#### [Task description]
A faithful copy is required. Print each line of the data exactly and omit the pictures.

Data items
• • • • • • •

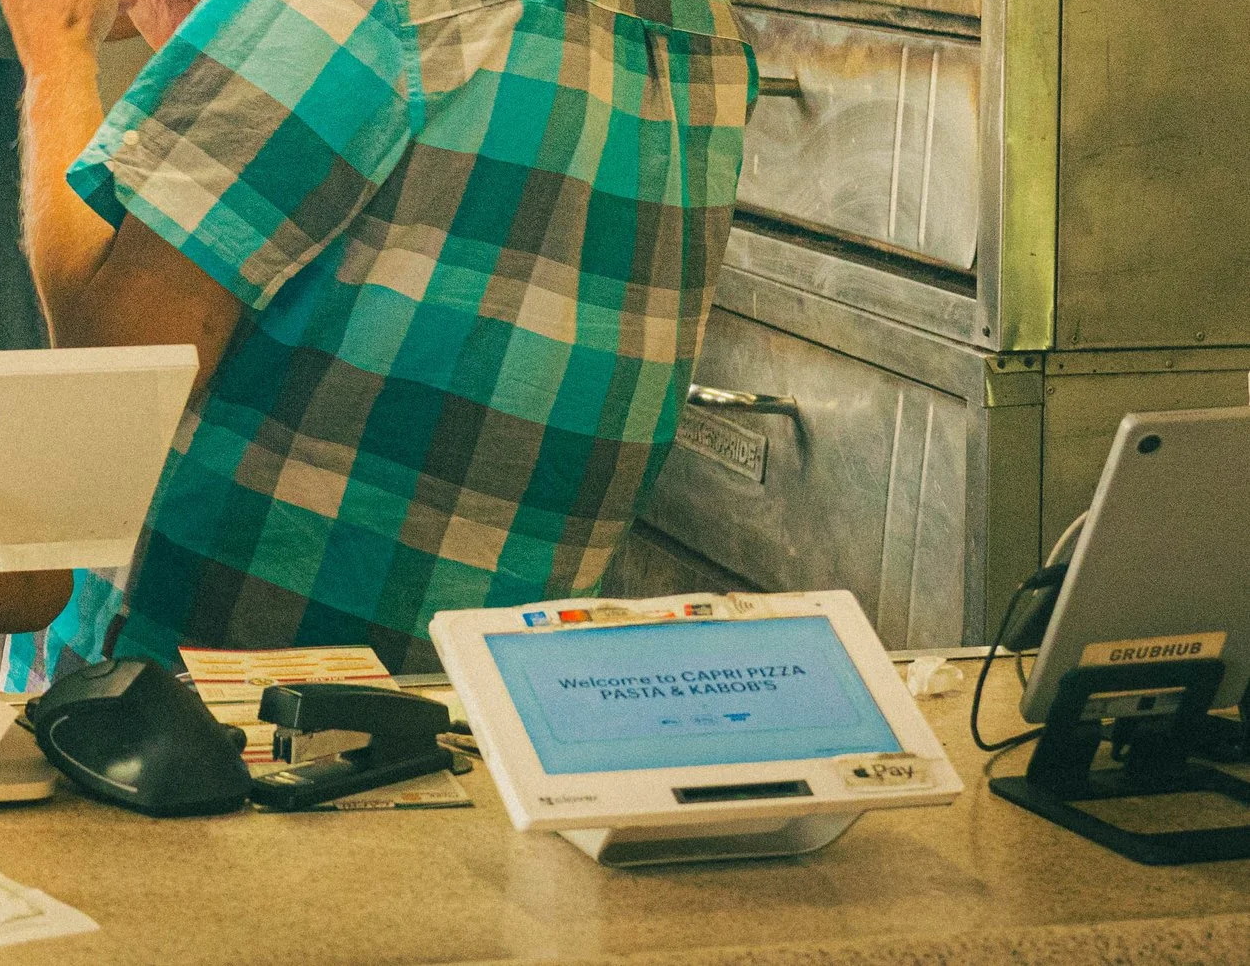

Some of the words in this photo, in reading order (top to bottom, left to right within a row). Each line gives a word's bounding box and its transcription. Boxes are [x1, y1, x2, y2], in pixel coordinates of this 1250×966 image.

[1110, 641, 1202, 662] GRUBHUB
[558, 676, 651, 690] Welcome
[656, 673, 676, 684] to
[681, 668, 741, 683] CAPRI
[746, 664, 806, 679] PIZZA
[601, 687, 666, 701] PASTA
[672, 685, 685, 697] &
[690, 679, 778, 695] KABOB'S
[871, 763, 913, 782] Pay
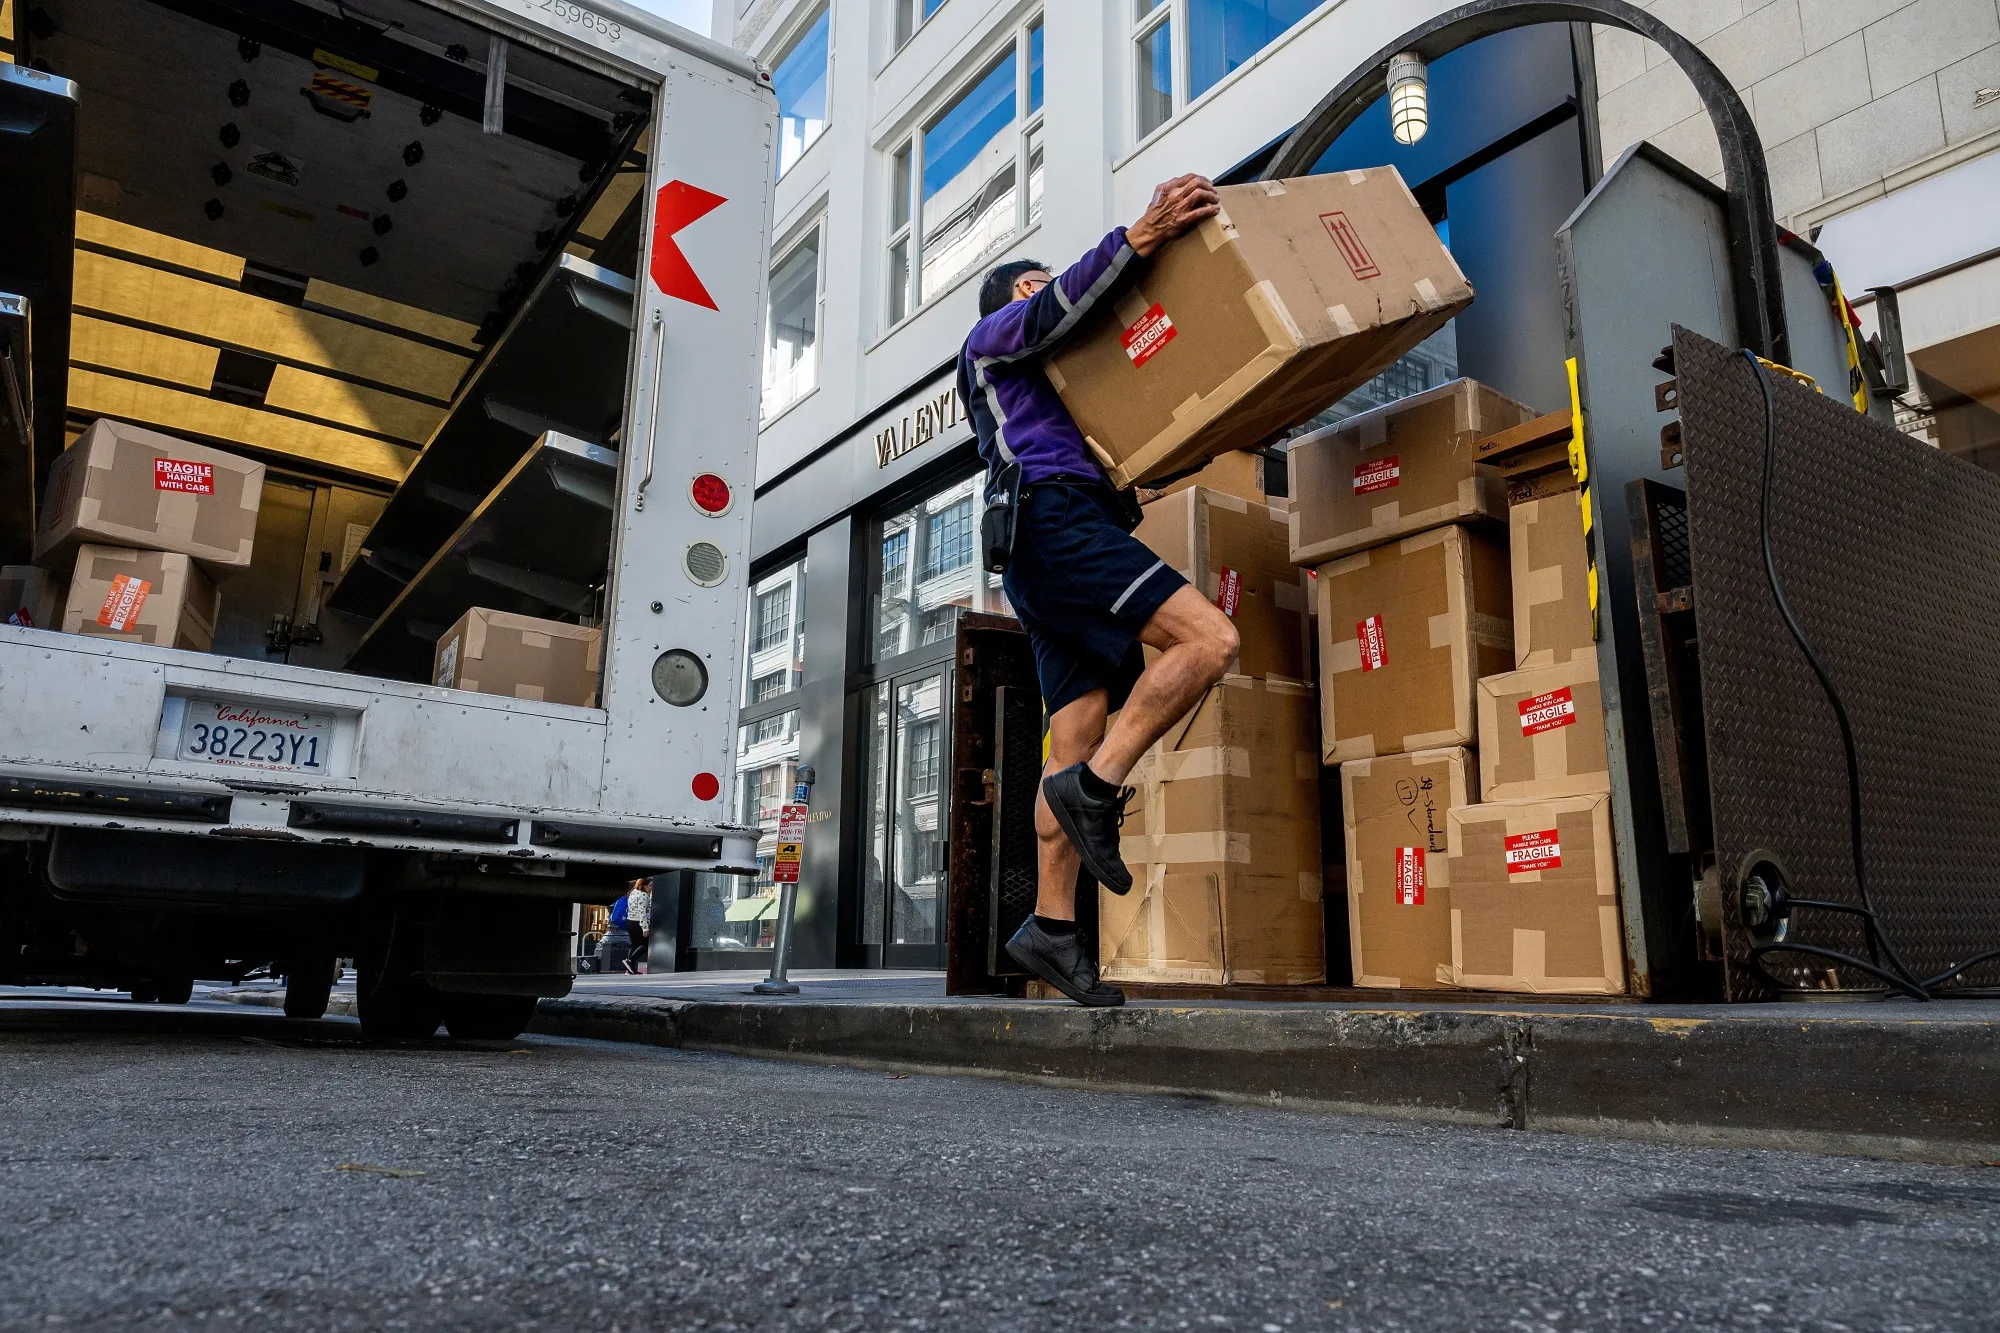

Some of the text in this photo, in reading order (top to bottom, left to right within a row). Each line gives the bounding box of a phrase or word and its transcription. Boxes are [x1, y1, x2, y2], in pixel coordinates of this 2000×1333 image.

[540, 0, 621, 40] 259653
[1132, 316, 1149, 331] PLEASE
[1132, 320, 1167, 354] FRAGILE
[157, 461, 211, 476] FRAGILE
[1358, 469, 1394, 485] FRAGILE
[160, 480, 209, 492] WITH CARE
[167, 473, 202, 483] HANDLE
[104, 590, 116, 608] PLEASE
[1226, 576, 1236, 610] FRAGILE
[114, 582, 138, 624] FRAGILE
[1368, 623, 1380, 662] FRAGILE
[1536, 694, 1553, 703] PLEASE
[217, 705, 309, 730] California
[1527, 704, 1567, 724] FRAGILE
[190, 723, 320, 768] 38223Y1
[216, 758, 293, 771] dmv.ca.gov
[1522, 833, 1540, 841] PLEASE
[1513, 847, 1553, 861] FRAGILE

• • • • • • •

#### [Answer to this task]
Some of the words in this photo, in reading order (top to bottom, left to right within a row). Each line gives a word's bounding box and its transcription. Boxes are [x1, y1, x2, y2], in pixel coordinates of this 1250×966 image.

[1110, 641, 1202, 662] GRUBHUB
[558, 676, 651, 690] Welcome
[656, 673, 676, 684] to
[681, 668, 741, 683] CAPRI
[746, 664, 806, 679] PIZZA
[601, 687, 666, 701] PASTA
[672, 685, 685, 697] &
[690, 679, 778, 695] KABOB'S
[871, 763, 913, 782] Pay

Some of the text in this photo, in reading order (top to bottom, left to right within a row). Each line gives the bounding box of a phrase or word and its transcription. Boxes are [x1, y1, x2, y2], in pixel coordinates of this 2000×1333 image.

[540, 0, 621, 40] 259653
[1132, 316, 1149, 331] PLEASE
[1132, 320, 1167, 354] FRAGILE
[157, 461, 211, 476] FRAGILE
[1358, 469, 1394, 485] FRAGILE
[160, 480, 209, 492] WITH CARE
[167, 473, 202, 483] HANDLE
[104, 590, 116, 608] PLEASE
[1226, 576, 1236, 610] FRAGILE
[114, 582, 138, 624] FRAGILE
[1368, 623, 1380, 662] FRAGILE
[1536, 694, 1553, 703] PLEASE
[217, 705, 309, 730] California
[1527, 704, 1567, 724] FRAGILE
[190, 723, 320, 768] 38223Y1
[216, 758, 293, 771] dmv.ca.gov
[1522, 833, 1540, 841] PLEASE
[1513, 847, 1553, 861] FRAGILE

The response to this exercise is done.